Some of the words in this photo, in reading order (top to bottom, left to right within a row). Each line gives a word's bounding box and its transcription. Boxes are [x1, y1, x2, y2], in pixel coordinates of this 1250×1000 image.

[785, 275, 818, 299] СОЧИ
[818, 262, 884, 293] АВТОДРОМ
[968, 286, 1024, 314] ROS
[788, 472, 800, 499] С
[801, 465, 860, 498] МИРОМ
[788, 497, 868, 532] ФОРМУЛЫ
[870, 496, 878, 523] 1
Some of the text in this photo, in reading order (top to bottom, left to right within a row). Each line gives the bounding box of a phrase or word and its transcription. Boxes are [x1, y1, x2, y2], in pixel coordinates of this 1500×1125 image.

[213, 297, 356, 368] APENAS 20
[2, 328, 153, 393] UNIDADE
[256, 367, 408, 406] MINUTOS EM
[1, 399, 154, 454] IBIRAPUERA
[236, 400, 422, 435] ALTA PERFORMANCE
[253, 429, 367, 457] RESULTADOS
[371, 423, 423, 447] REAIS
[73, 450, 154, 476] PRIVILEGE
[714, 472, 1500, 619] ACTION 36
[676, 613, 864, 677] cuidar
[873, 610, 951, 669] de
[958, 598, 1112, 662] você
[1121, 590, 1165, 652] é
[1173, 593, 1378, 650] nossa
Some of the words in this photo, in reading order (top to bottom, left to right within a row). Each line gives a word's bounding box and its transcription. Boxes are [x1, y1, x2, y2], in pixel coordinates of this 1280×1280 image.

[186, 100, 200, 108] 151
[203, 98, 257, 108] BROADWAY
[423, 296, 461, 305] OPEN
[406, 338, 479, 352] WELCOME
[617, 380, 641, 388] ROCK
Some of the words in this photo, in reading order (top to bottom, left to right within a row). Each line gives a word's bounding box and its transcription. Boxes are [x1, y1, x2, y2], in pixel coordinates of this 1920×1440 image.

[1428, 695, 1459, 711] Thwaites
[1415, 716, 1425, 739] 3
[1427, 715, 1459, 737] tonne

________________

## WORK INSTRUCTIONS
Would you reproduce the whole listing above, word for word?

## RESPONSE
Some of the words in this photo, in reading order (top to bottom, left to right within a row). Each line gives a word's bounding box and its transcription. Boxes are [x1, y1, x2, y2], in pixel coordinates of this 1250×1000 image.

[785, 275, 818, 299] СОЧИ
[818, 262, 884, 293] АВТОДРОМ
[968, 286, 1024, 314] ROS
[788, 472, 800, 499] С
[801, 465, 860, 498] МИРОМ
[788, 497, 868, 532] ФОРМУЛЫ
[870, 496, 878, 523] 1
Some of the text in this photo, in reading order (top to bottom, left to right within a row). Each line gives the bounding box of a phrase or word and its transcription. Boxes are [x1, y1, x2, y2], in pixel coordinates of this 1500×1125 image.

[213, 297, 356, 368] APENAS 20
[2, 328, 153, 393] UNIDADE
[256, 367, 408, 406] MINUTOS EM
[1, 399, 154, 454] IBIRAPUERA
[236, 400, 422, 435] ALTA PERFORMANCE
[253, 429, 367, 457] RESULTADOS
[371, 423, 423, 447] REAIS
[73, 450, 154, 476] PRIVILEGE
[714, 472, 1500, 619] ACTION 36
[676, 613, 864, 677] cuidar
[873, 610, 951, 669] de
[958, 598, 1112, 662] você
[1121, 590, 1165, 652] é
[1173, 593, 1378, 650] nossa
Some of the words in this photo, in reading order (top to bottom, left to right within a row). Each line gives a word's bounding box and its transcription. Boxes are [x1, y1, x2, y2], in pixel coordinates of this 1280×1280 image.

[186, 100, 200, 108] 151
[203, 98, 257, 108] BROADWAY
[423, 296, 461, 305] OPEN
[406, 338, 479, 352] WELCOME
[617, 380, 641, 388] ROCK
Some of the words in this photo, in reading order (top to bottom, left to right within a row). Each line gives a word's bounding box and its transcription. Boxes are [x1, y1, x2, y2], in pixel coordinates of this 1920×1440 image.

[1428, 695, 1459, 711] Thwaites
[1415, 716, 1425, 739] 3
[1427, 715, 1459, 737] tonne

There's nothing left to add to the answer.